Task instructions
Set the records down again exactly, apart from any pictures in them.

Provided information
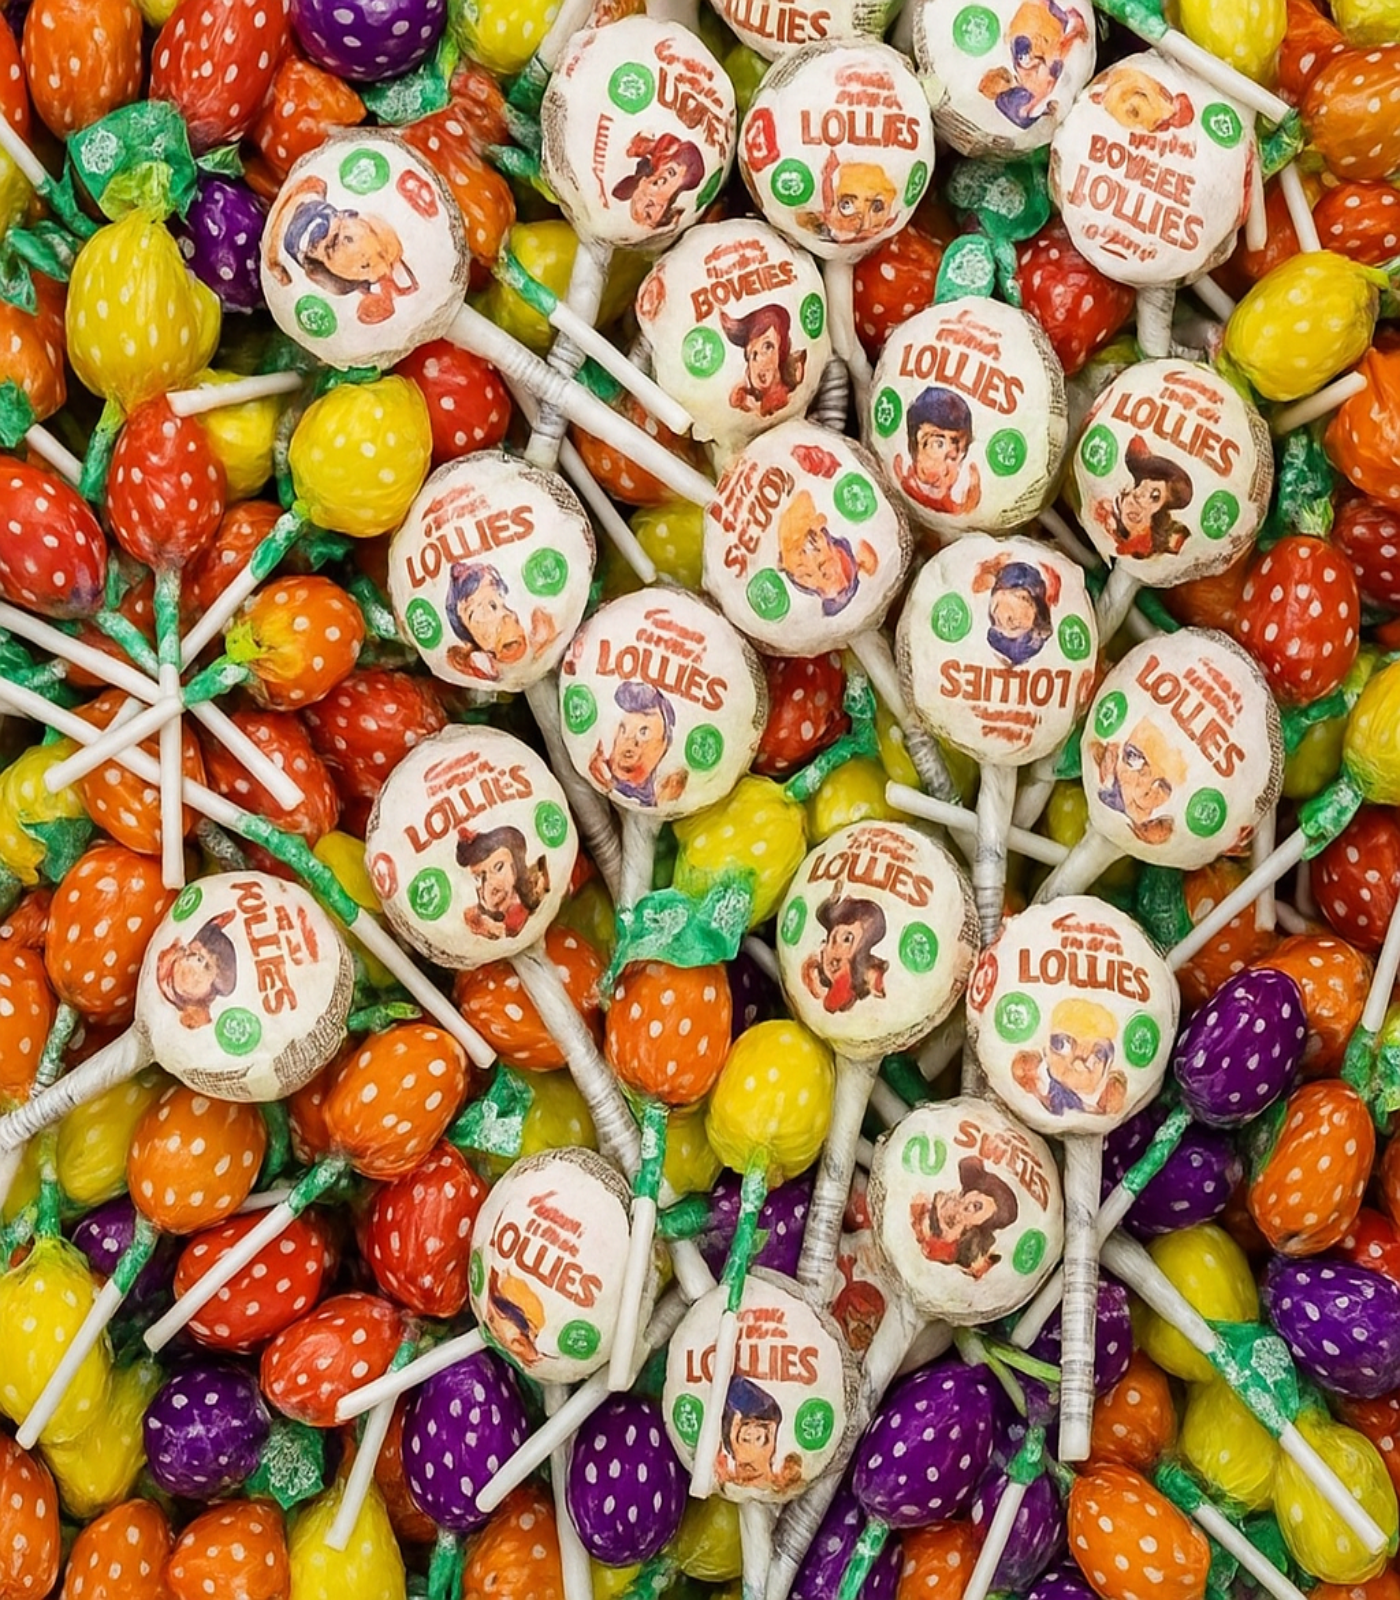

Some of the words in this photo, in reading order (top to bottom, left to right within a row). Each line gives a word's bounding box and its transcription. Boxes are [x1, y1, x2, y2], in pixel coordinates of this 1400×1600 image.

[801, 109, 921, 150] LOLLIES
[899, 344, 1025, 415] LOLLIES
[406, 505, 535, 589] LOLLIES
[596, 639, 728, 712] LOLLIES
[404, 765, 534, 854] LOLLIES
[807, 851, 934, 908] LOLLIES
[1018, 948, 1151, 1004] LOLLIES

Finished exercise
Some of the words in this photo, in reading order (top to bottom, left to right within a row). Each line gives a word's bounding box and its transcription. Boxes are [x1, y1, x2, y2], in pixel coordinates of this 1400×1600 image.

[801, 109, 921, 150] LOLLIES
[899, 344, 1025, 415] LOLLIES
[406, 505, 535, 589] LOLLIES
[596, 639, 728, 712] LOLLIES
[404, 765, 534, 854] LOLLIES
[807, 851, 934, 908] LOLLIES
[1018, 948, 1151, 1004] LOLLIES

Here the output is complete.